As evidence of the job reduction strategy, Ermotti revealed plans to eliminate approximately 1,000 positions in Switzerland due to overlaps in domestic banking activities. An additional 2,000 roles are anticipated to be eliminated in the country’s group functions.

Although the exact global scope of job cuts remains uncertain, the acquisition of Credit Suisse has propelled UBS’s workforce to around 120,000. The bank ultimately envisions reducing this workforce by approximately 30%.

UBS also communicated its decision to shut down two-thirds of Credit Suisse’s investment bank, including a significant portion of its trading operations. This strategic decision aligns with UBS’s intent to divest from businesses that do not align with its existing strategy.

Notably, the accounting gain for the quarter outshines JPMorgan Chase & Co.’s $14.3 billion profit in the first quarter of 2021, marking a modern record for US and European lenders. Analyst Nicolas Payen from Kepler Cheuvreux noted that while the $29 billion accounting gain was lower than anticipated due to Credit Suisse’s operational losses and adjustments to the purchase price, the stabilization of the business was occurring at a faster pace than expected.

Ermotti, a UBS veteran who steered the bank toward becoming a model wealth manager after the near-collapse during the financial crisis, is acutely mindful of the political sensitivities surrounding the Credit Suisse deal. In a surprising move, UBS recently voluntarily relinquished a government-backed safety net, a component of the acquisition agreement worth 9 billion Swiss francs ($9.4 billion). This strategic shift affords UBS greater flexibility, particularly concerning its domestic franchises.

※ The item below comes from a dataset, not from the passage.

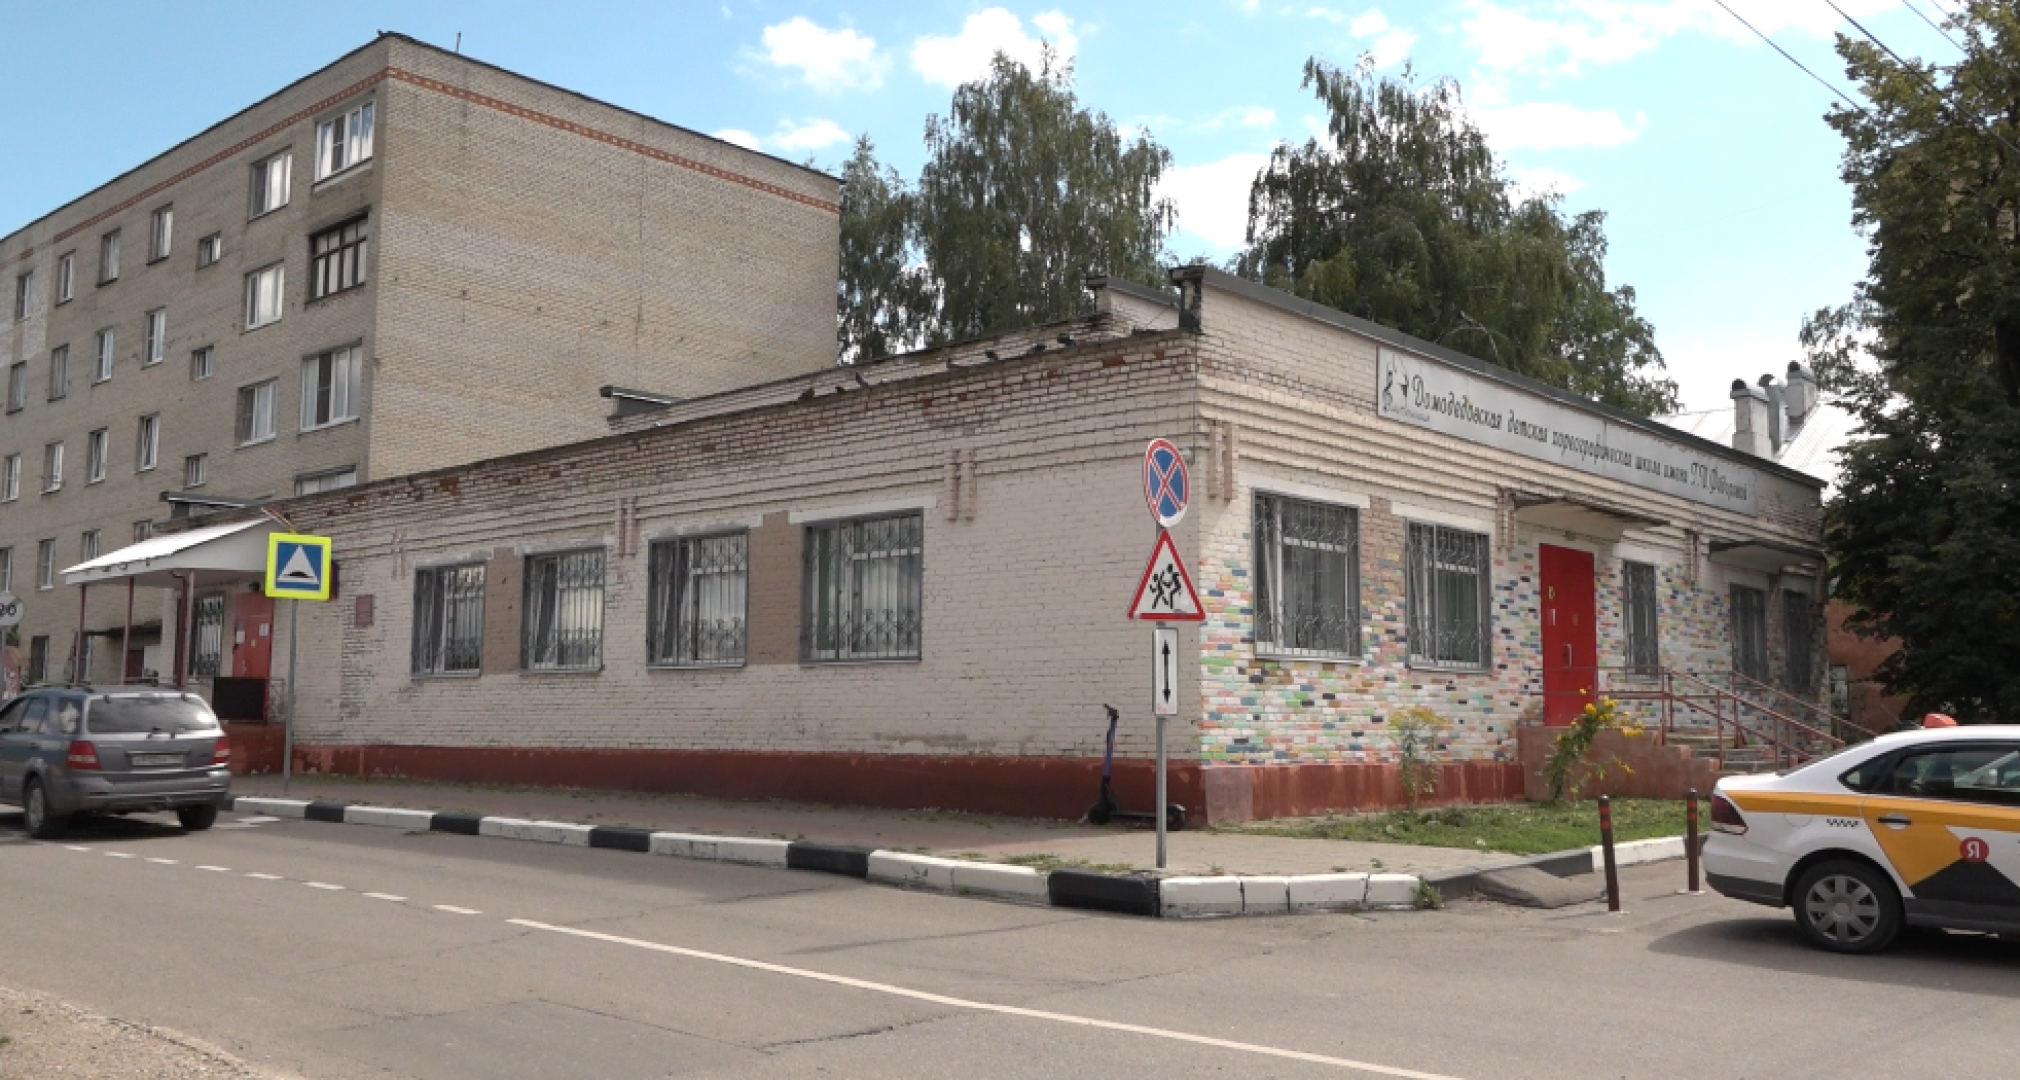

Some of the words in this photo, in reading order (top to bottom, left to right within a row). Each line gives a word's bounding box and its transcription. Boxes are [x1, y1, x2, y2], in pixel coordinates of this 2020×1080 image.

Although UBS’s business fundamentals remain strong, the bank is now priming investors for the intricate process of integrating Credit Suisse, slated to be substantially completed by the end of 2026. The bank aims for a cost-to-income ratio of below 70% by the conclusion of 2026. However, this integration process entails the complex transition of Credit Suisse’s clients, assets, and infrastructure.

Ermotti clarified that around half of the projected $10 billion in cost savings by 2026 will originate from restructuring the investment bank and winding down non-core assets. The remaining half will be derived from initiatives across other operational domains.

Furthermore, the investment bank indicated its intention to dismantle two-thirds of Credit Suisse’s investment bank, including most of the trading operations. This strategic decision is aligned with UBS’s strategic goal of divesting from businesses that do not align with its overarching strategy.

UBS also acknowledged that the wind-down unit, housing businesses transferred from Credit Suisse that are not congruent with UBS’s strategy, held approximately $55 billion of risk-weighted assets at the end of the quarter. During the quarter, UBS successfully exited $8 billion worth of positions from this unit.

The bank’s global wealth-management sector continued to observe robust inflows, with the reported $16 billion marking the highest second-quarter figure in over a decade. Credit Suisse’s wealth unit saw a turnaround in client fund flows, which turned positive in June. The reported financials reflect Credit Suisse’s final quarter as an independent entity. Analysts at Vontobel Holding AG noted that UBS faces an extensive undertaking in restructuring Credit Suisse, encompassing staff integration, client retention, migration to UBS’s systems, and resolution of Credit Suisse’s legal matters. This complex process necessitates considerable time and management focus.